The First Sunday of Lent, we read the story of Jesus’ testing during his 40-day-long “wilderness desert retreat”. In a weakened condition, after a long period of fasting, the devil tests Jesus’ strength and moral fibre with really tempting and exciting, could we call them, opportunities, like turning stones to bread. Imagine how many people you could feed if you could do that? And if Jesus chose, he could prove that God would save him if he jumped off a building. Who wouldn’t want to prove to a non-believer the power of God? And the pièce-deresistance, Jesus could rule Satan’s kingdom if he’d just worship Satan. Ah, to be the boss of the underworld, that’s a lot of power!
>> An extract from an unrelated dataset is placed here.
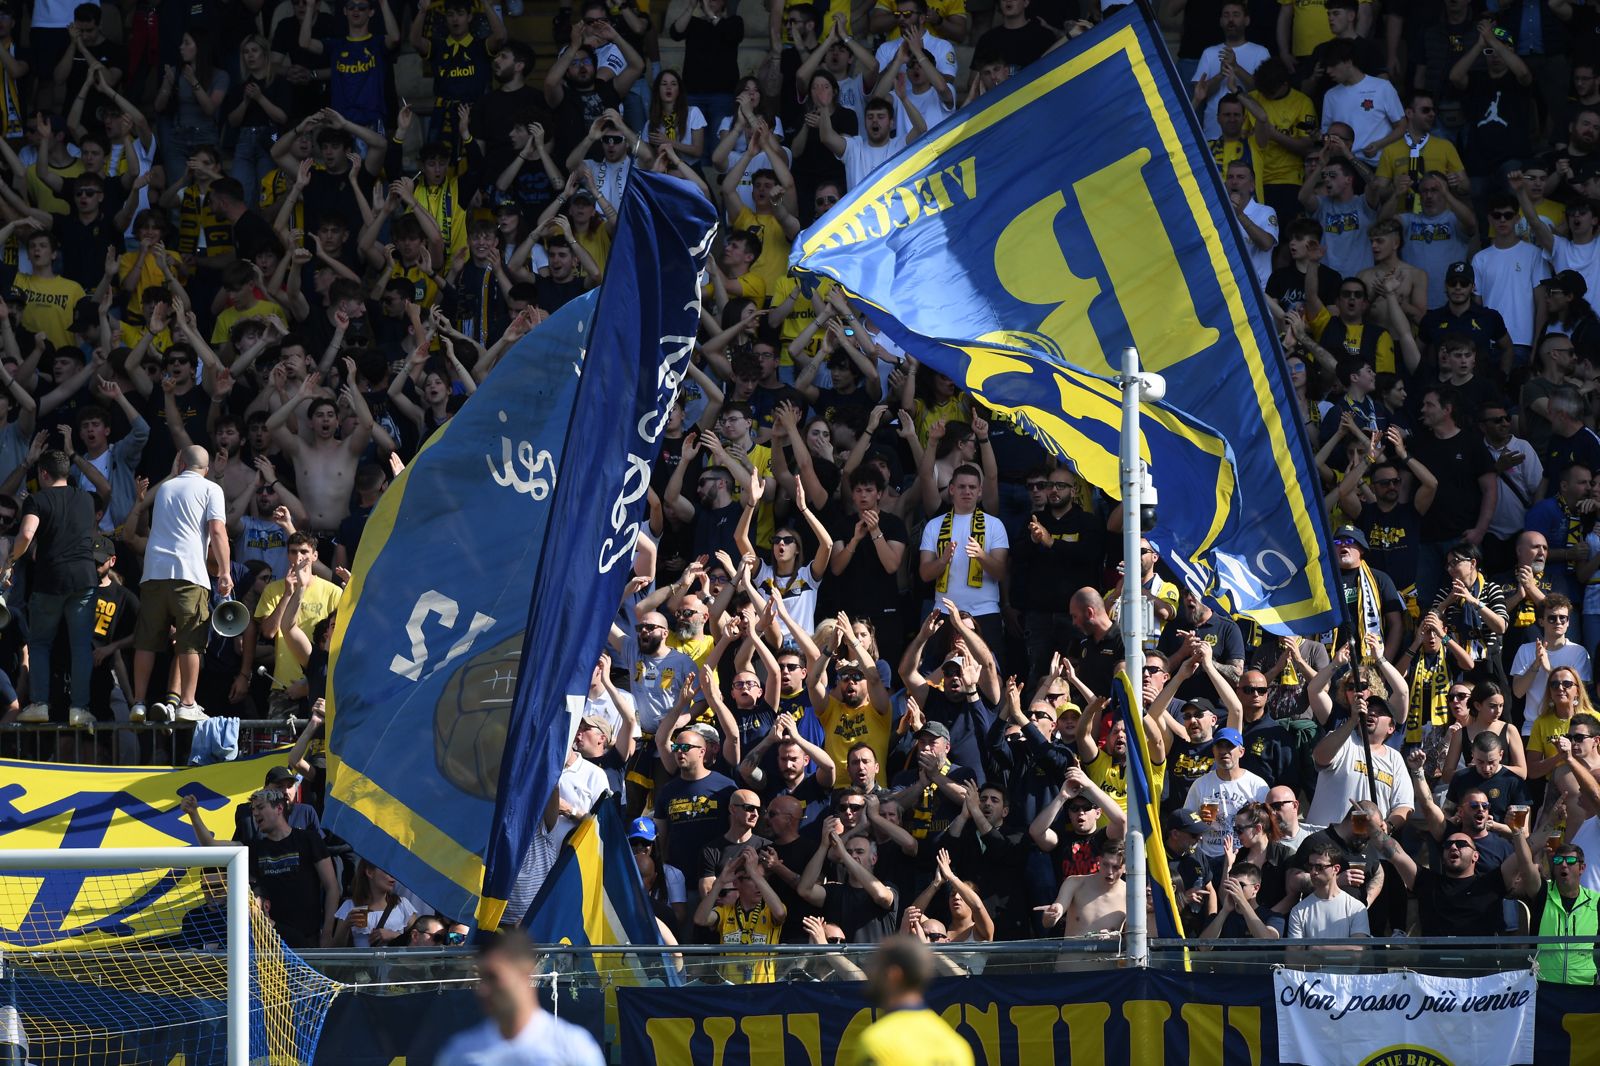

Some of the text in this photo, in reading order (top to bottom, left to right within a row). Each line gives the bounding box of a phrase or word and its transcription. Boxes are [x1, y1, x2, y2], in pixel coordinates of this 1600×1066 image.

As Jesus was tested by temptations to use his gifts wrongly, we too will be tested, we are but human! Where we are seemingly the strongest, we have the potential to be the weakest. But Jesus used the power of God to resist, rather than give into the devil’s temptations. When we go to Jesus for strength in our times of weakness, we know that Jesus will be there for us, strong in the knowledge that Jesus understands our needs and our weaknesses because he’s been there and done that!
The next three weeks, we had incredibly descriptive and deep stories from John’s gospel; stories of light and darkness, of awareness and close-mindedness. First, we heard the story of the Pharisee Nicodemus. He came to Jesus hidden by the dark of night, which could mean two things: Nicodemus didn’t want people to know that he was going to Jesus, or it could also be John’s symbolic way of saying that Nicodemus was in the dark as to whom Jesus really was – or possibly both!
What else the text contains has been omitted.